The patient went to the ED with abdominal pain. X-rays revealed an abdominal aneurysm but the report was never sent to the patient's admitting physician.  The patient was discharged and treated for diverticulosis.  Two months later the patient returned to the same ED and again sent home, where his aneurysm popped and he died.  The estate sued the hospital and the ED physician.  Both were dismissed prior to trial.  The patient's physician was found negligent but there was no causation so no damages.  The Superior Court of Appeal disagreed and ordered a new trial against the hospital, ED physician and the patient's physician.  The court stated that if the patient's physician knew about the aneurysm he would have treated it was enough to show causation.  The court also stated that no expert witness was required for the case against the hospital since the matter is so simple.  The fact that the diagnosis of an aneurysm is made and the report never reaches the patient's physician is negligence of either the hospital or the radiologist.  This is a matter of fact that should be left to the jury. 

Paul v Skemp Clinic
Wis. Supreme Court

The Wisconsin Supreme Court ruled that the Statute of Limitations in a medical malpractice case begins when the injury and not the misdiagnosis occurs. A nine year old began to have headaches and these continued for the next 10 years.  She eventually was diagnosed with an AVM that ruptured causing death. The trial court and the appeals court both ruled the statute had run since it started when the headaches began.  The Supreme Court said the statute began when she was found to have the AVM and died.  
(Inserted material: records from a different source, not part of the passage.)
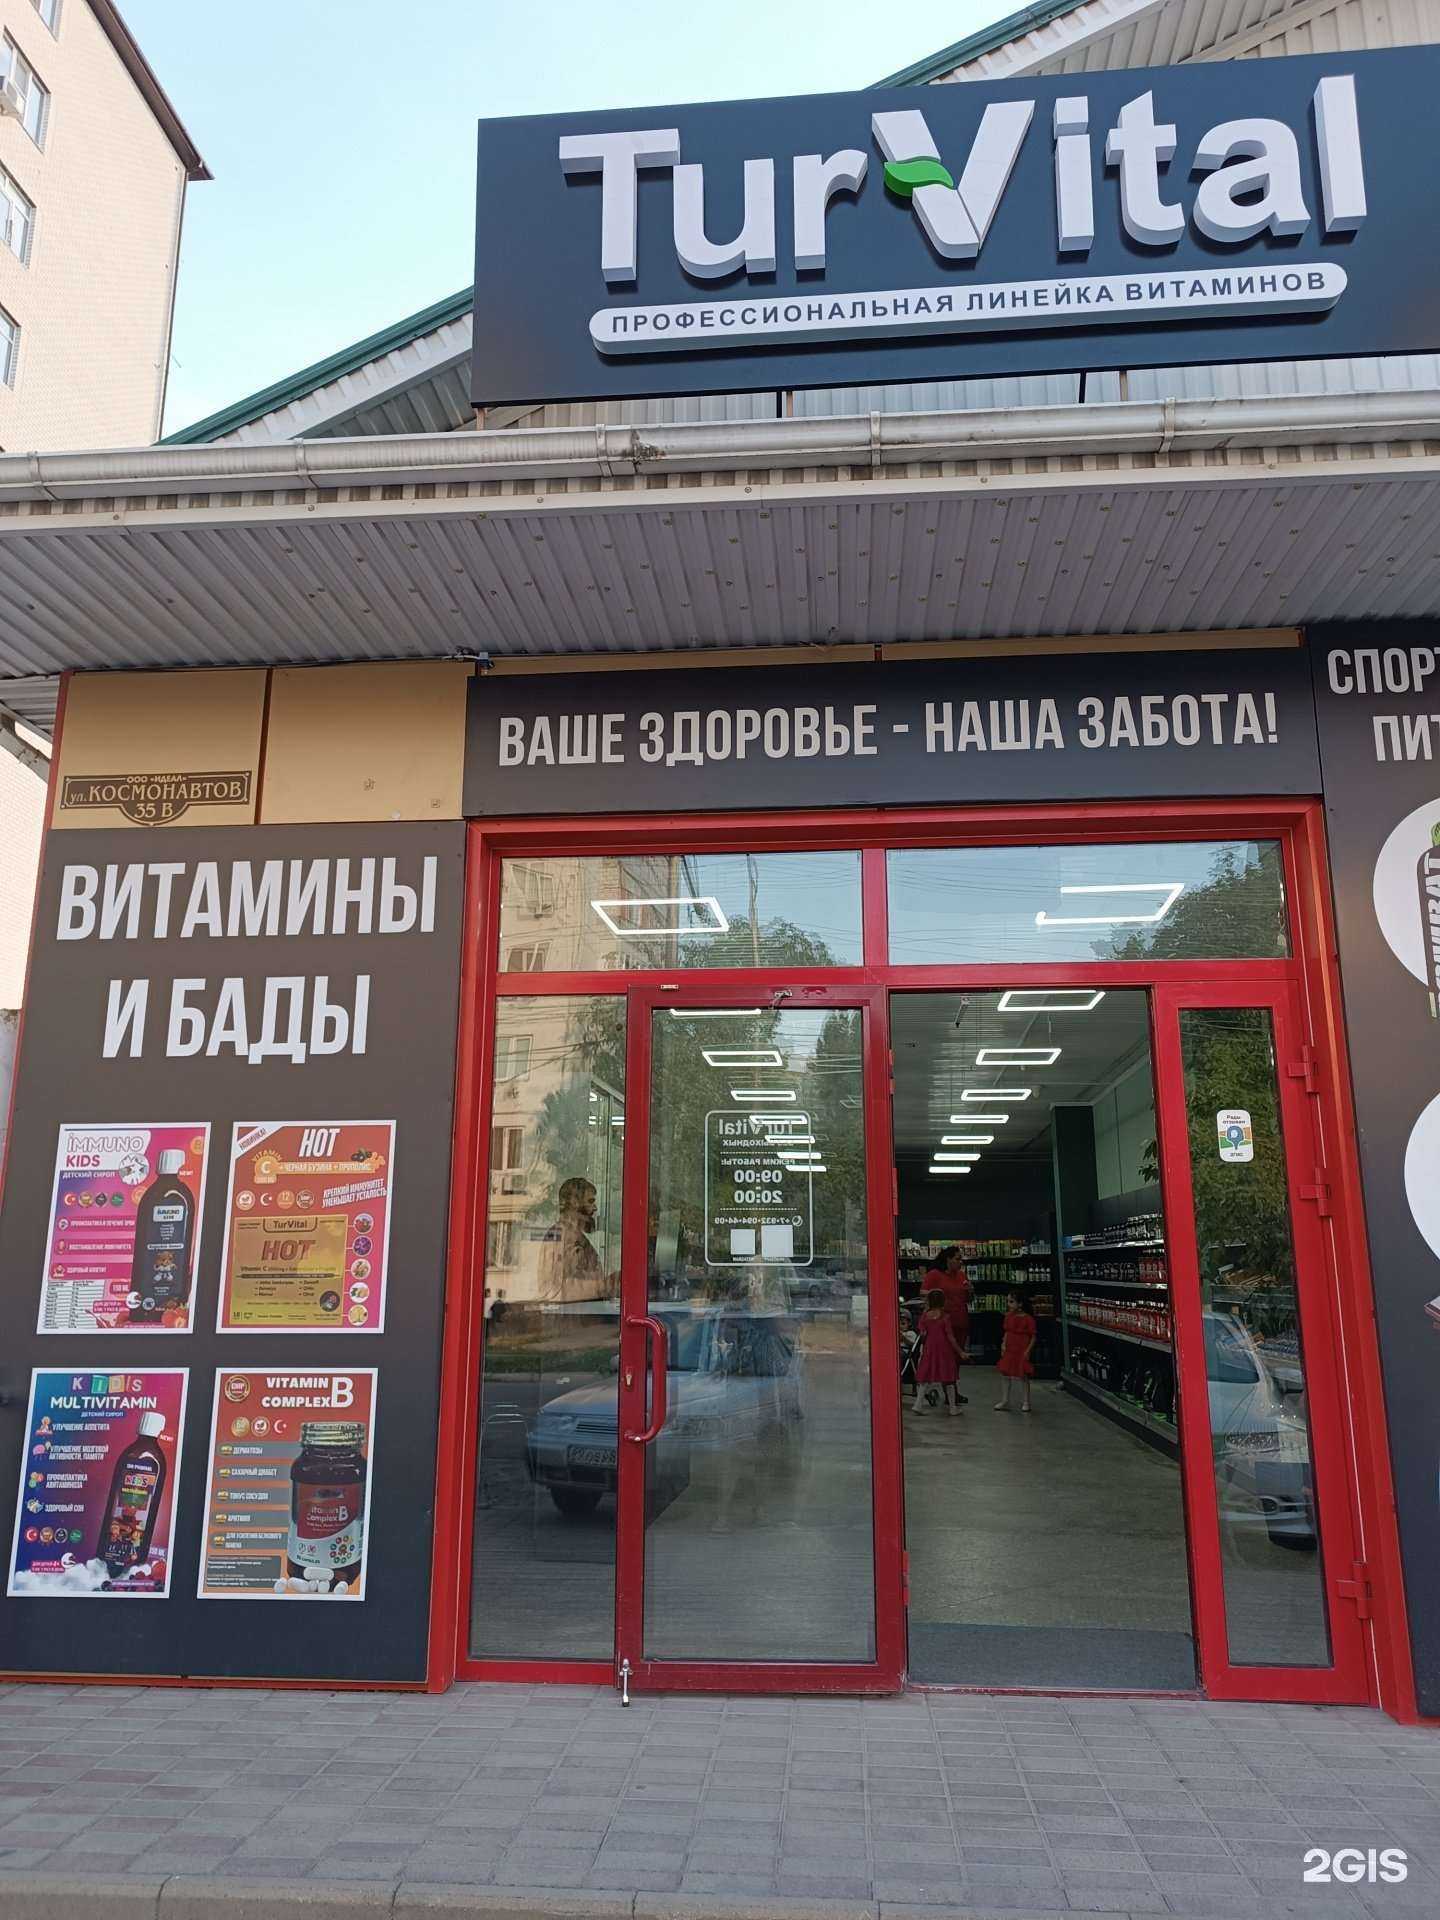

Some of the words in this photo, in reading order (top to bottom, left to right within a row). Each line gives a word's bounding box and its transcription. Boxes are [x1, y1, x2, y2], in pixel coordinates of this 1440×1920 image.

[559, 75, 1367, 284] TurVital
[611, 294, 954, 333] ПРОФЕССИОНАЛЬНАЯ
[966, 283, 1114, 311] ЛИНЕЙКА
[1126, 271, 1326, 301] ВИТАМИНОВ
[499, 713, 626, 767] ВАШЕ
[639, 704, 878, 767] ЗДОРОВЬЕ
[924, 698, 1065, 753] НАША
[1077, 692, 1279, 749] ЗАБОТА!
[126, 775, 148, 783] ООО
[69, 792, 87, 805] ул.
[88, 781, 242, 802] КОСМОНАВТОВ
[134, 802, 156, 818] 35
[161, 802, 174, 818] В
[56, 855, 439, 941] ВИТАМИНЫ
[102, 978, 150, 1058] И
[166, 974, 371, 1065] БАДЫ
[298, 1128, 341, 1157] HOT
[66, 1154, 101, 1168] KIDS
[272, 1220, 308, 1229] TurVital
[261, 1239, 316, 1261] HOT
[50, 1396, 158, 1409] MULTIVITAMIN
[261, 1396, 331, 1408] COMPLEX
[266, 1377, 329, 1389] VITAMIN
[331, 1376, 354, 1408] B
Aka v Jefferson Hosp. Ass'n.
Ark. Supreme Court

 The plaintiff sued the hospital and various physicians for the wrongful death of his pregnant wife and unborn child.  The wife died during labor from an amniotic embolism.  The Supreme Court overruled its own prior decision and stated that a viable fetus, no dispute as to the viability, is a person under the wrongful death statute.  The change was due to the legislature stating a fetus over 12 weeks of gestation is a living person under criminal manslaughter law.  There is also a state constitutional amendment that states that the it is the public policy of Arkansas to protect the life of every unborn child from conception until birth, to the extent permitted by the Federal Constitution.  

Rivera v Arana
Ill. App Ct.

A minor went to a clinic with his aunt and without an appointment for an examination of his feet. The physician examined the feet and did not charge the boy.  The aunt was beaten the next week by her husband.  While she was hospitalized her husband abused the child.  The boy's mother, who had previously abandoned him, sued the doctor for medical malpractice for failure to find abuse.
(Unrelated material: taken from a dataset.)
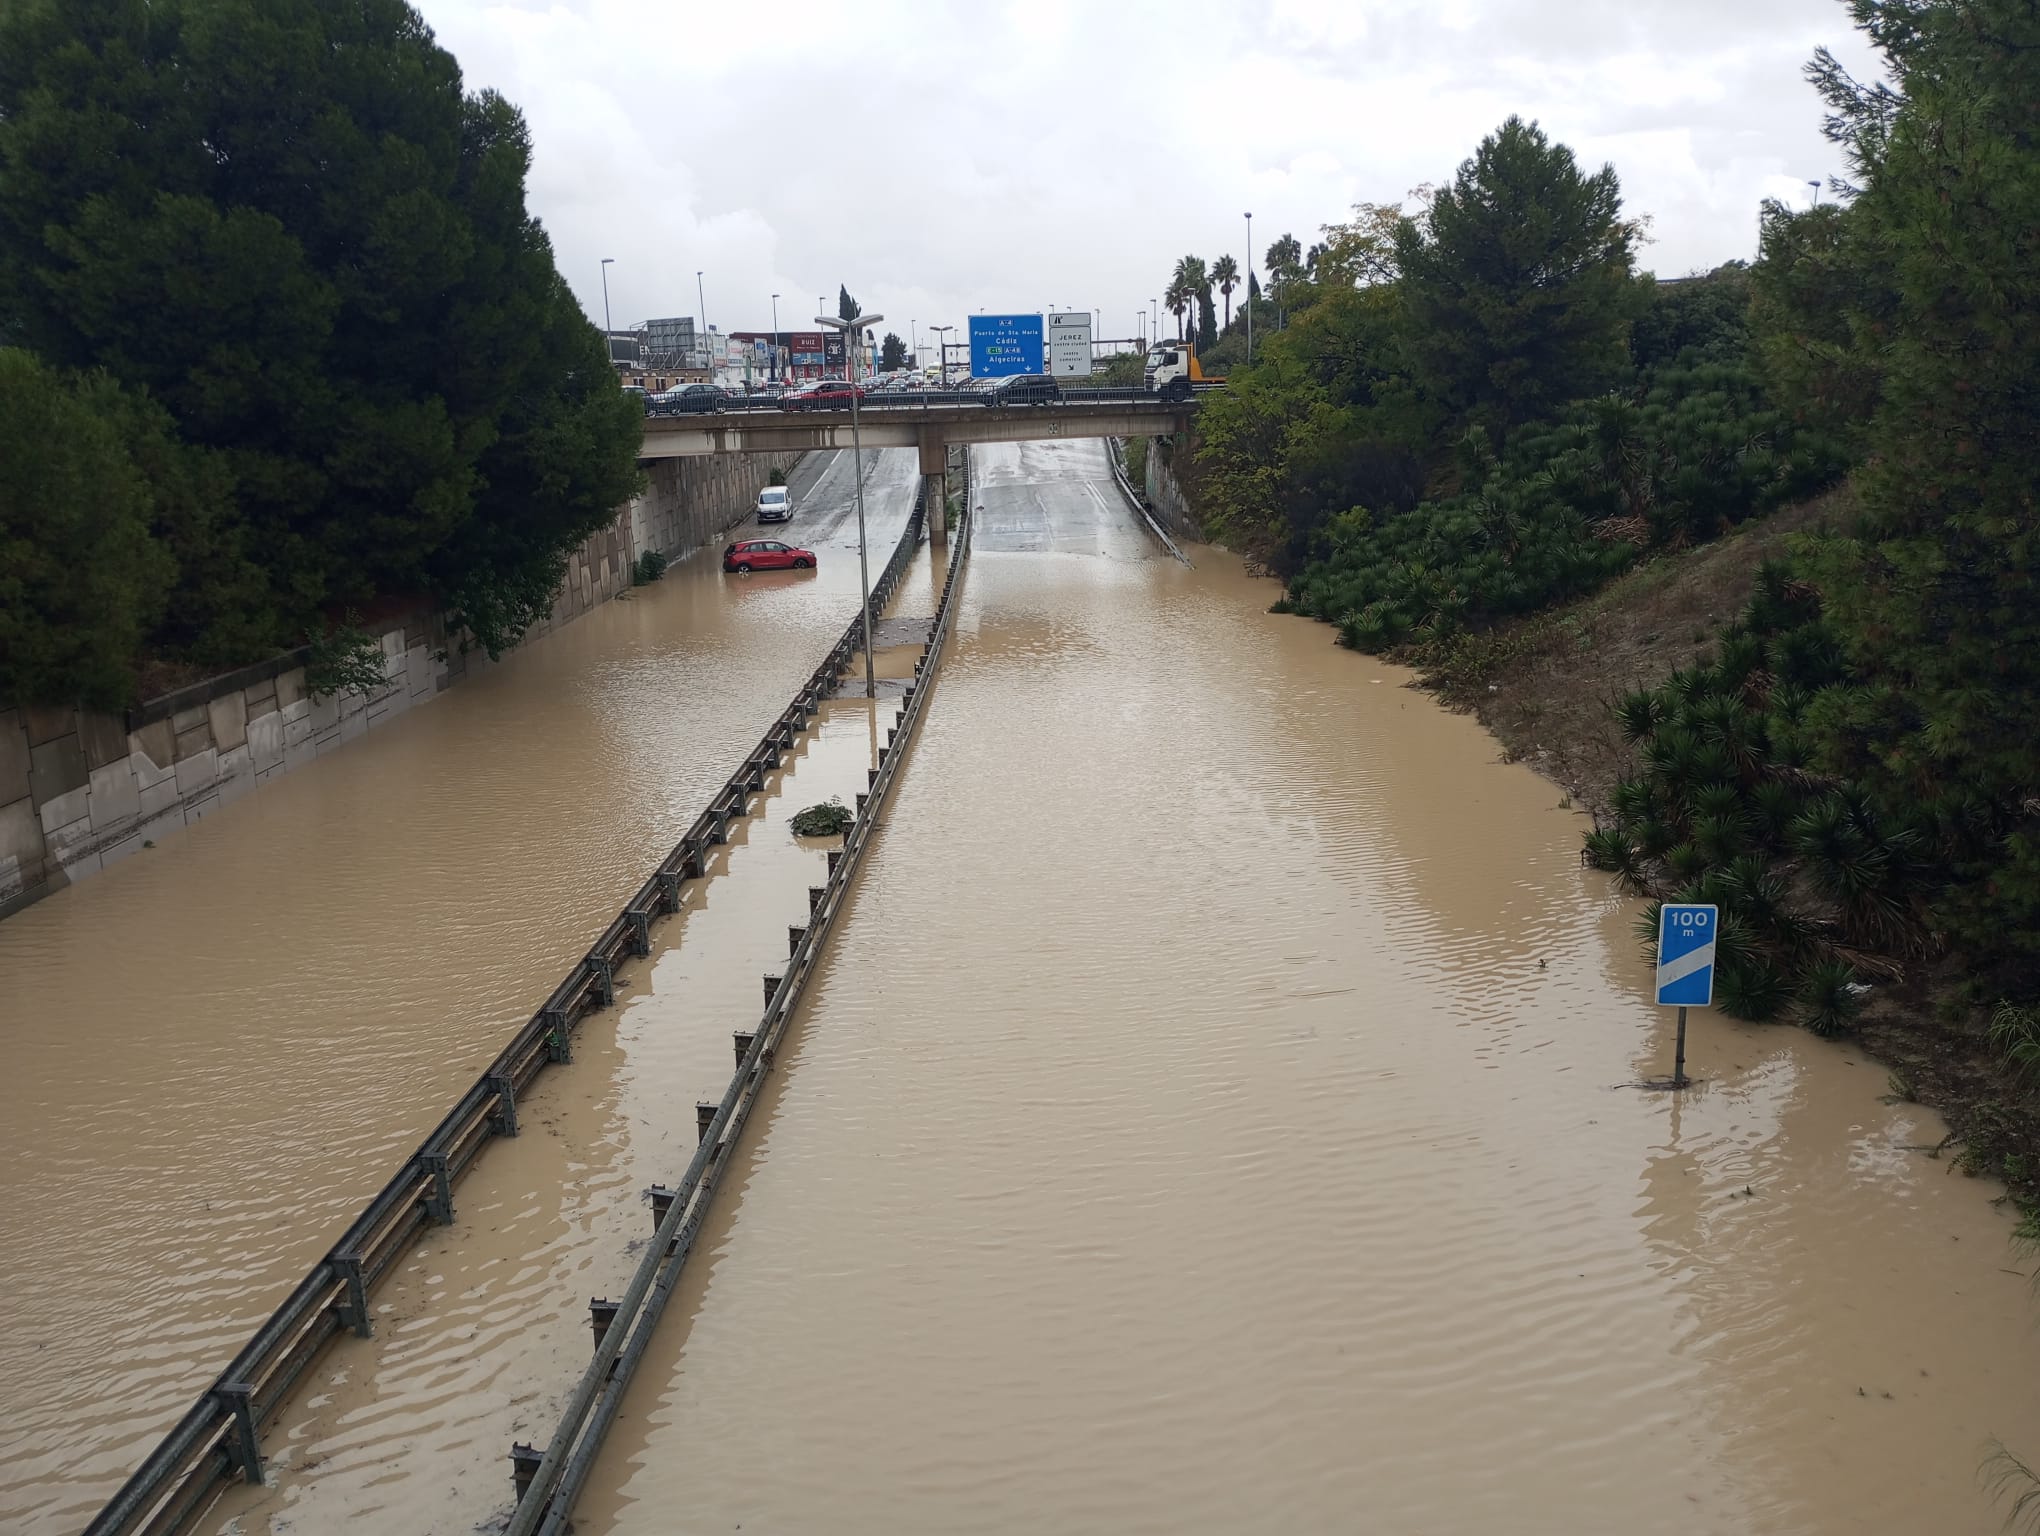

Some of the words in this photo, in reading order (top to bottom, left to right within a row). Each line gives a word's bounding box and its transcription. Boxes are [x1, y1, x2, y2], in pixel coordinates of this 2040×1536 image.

[989, 356, 1025, 364] Algeciras
[1671, 912, 1708, 927] 100
[1683, 929, 1694, 937] m
Hospital Causes Emotional Distress

Elliott v Methodist Hospital
Tex. App. Ct.

Elliott underwent surgery at Methodist for ulcerative colitis.  Her rectum and part of her sigmoid remained. The diagnosis was changed during surgery to possible Crohn's Disease.  If it was Crohn's Disease she would need secondary surgery to remove the remaining colon and rectum.  The pathological diagnosis was Crohn's Disease.  The patient sought a second opinion and requested her records and slides.  All were sent to the patient's doctor except the four slides that proved the Crohn's Disease.  She continued to request the slides for 18 months during which time she became depressed and had pain and rectal bleeding. She finally sued and then the slides were sent. She then sued for emotional distress and negligence.  The Trial Court ruled for the hospital and the Court of Appeals reversed.  Methodist's expert never examined the patient nor saw the 4 slides showing the Crohn's Disease.  Elliott's expert after seeing the slides stated she did have Crohn's but 10 months later diagnosed ulcerative colitis. The Appeals Court stated that the non-production of the slides without explanation was enough for extreme and outrageous conduct for emotional distress.  The Appeals Court stated the case should go to trial.


DISCLAIMER: Although this article is updated periodically, it reflects the author's point of view at the time of publication. Nothing in this article constitutes legal advice. Readers should consult with their own legal counsel before acting on any of the information presented.